Even if more students wanted to create the most efficient bio-fuel or found the hippest solar startup, it would not excuse the fact that Harvard has no specially designed educational programs to prepare them. While Harvard should be commended for establishing Environmental Science and Public Policy, the concentration is narrowly aimed at training the world’s future environmental policy makers and researchers, not the newest batch of renewable energy inventors, entrepreneurs, economists, and lawyers.

Nevertheless, Harvard does already have an impressive array of environmental courses under the Center for the Environment and is introducing courses this year like the Science of Energy, along with a handful of freshman seminars that focus on sustainability. But Harvard still lacks a cohesive undergraduate program for students to pursue these interests. In sharp contrast, students at Princeton can obtain a certificate in Sustainable Energy, and, down the river, MIT offers a minor in Energy.

Clearly Harvard needs to play catch up in order to fulfill its obligation as a premier research university and the historic focus of great policy debates.
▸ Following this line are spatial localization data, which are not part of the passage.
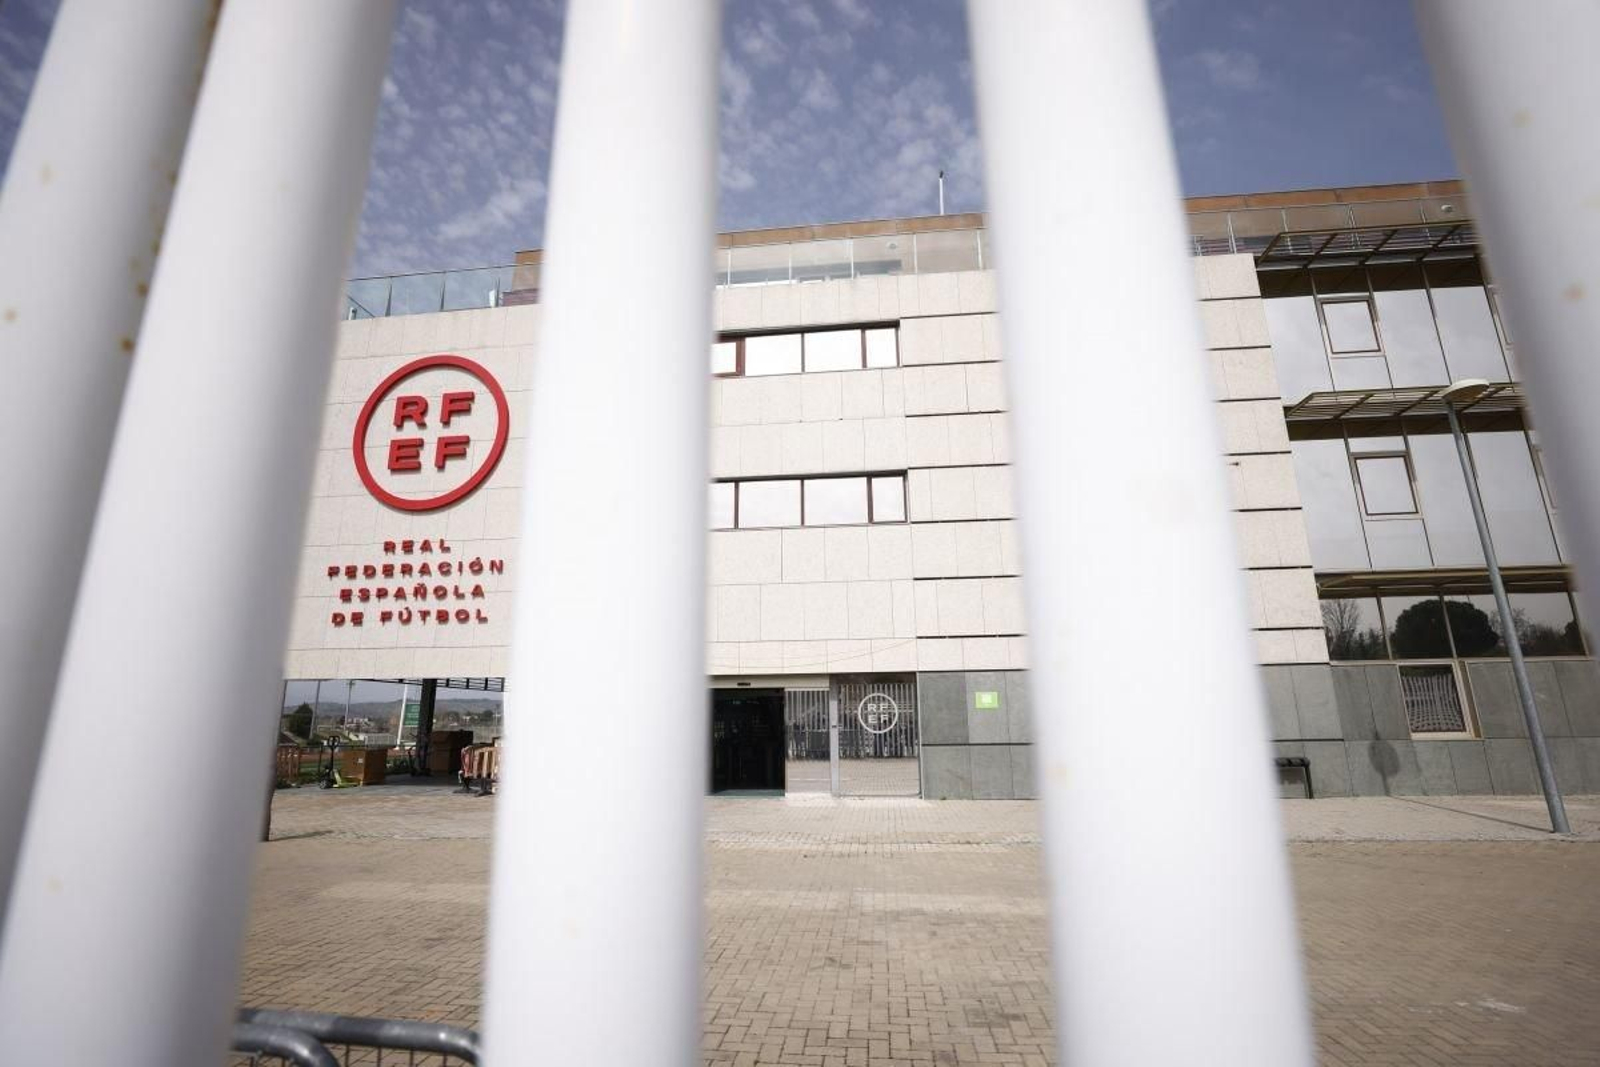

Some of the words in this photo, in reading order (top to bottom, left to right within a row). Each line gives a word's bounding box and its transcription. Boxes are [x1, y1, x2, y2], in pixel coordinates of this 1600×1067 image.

[393, 391, 475, 427] RF
[387, 435, 470, 472] EF
[383, 538, 451, 554] REAL
[327, 557, 505, 579] FEDERACIÓN
[339, 582, 485, 601] ESPAÑOLA
[331, 611, 364, 626] DE
[379, 606, 488, 624] FÚTBOL
The university must develop a cohesive interdisciplinary curriculum and possible concentration or secondary field that will adequately prepare students to be the clean energy leaders and green gurus of tomorrow. Students of all disciplines must seriously consider careers in sustainability and should actively work with the university to establish these new resources. Proper forums and mechanisms should be developed to bring faculty across the university together to engage in interdisciplinary research projects at the Belfer Center for Science and International Affairs.

Harvard should be open to adopting successful ideas and even collaborating with schools like MIT and Princeton. Ultimately, the problems of climate change and energy are so far-reaching and possibly disastrous that the brainpower and expertise of all the world’s top schools must play a part. The world cannot afford for Harvard to be absent from the fight.

Hemi H. Gandhi, a Crimson editorial writer, lives in Greenough Hall.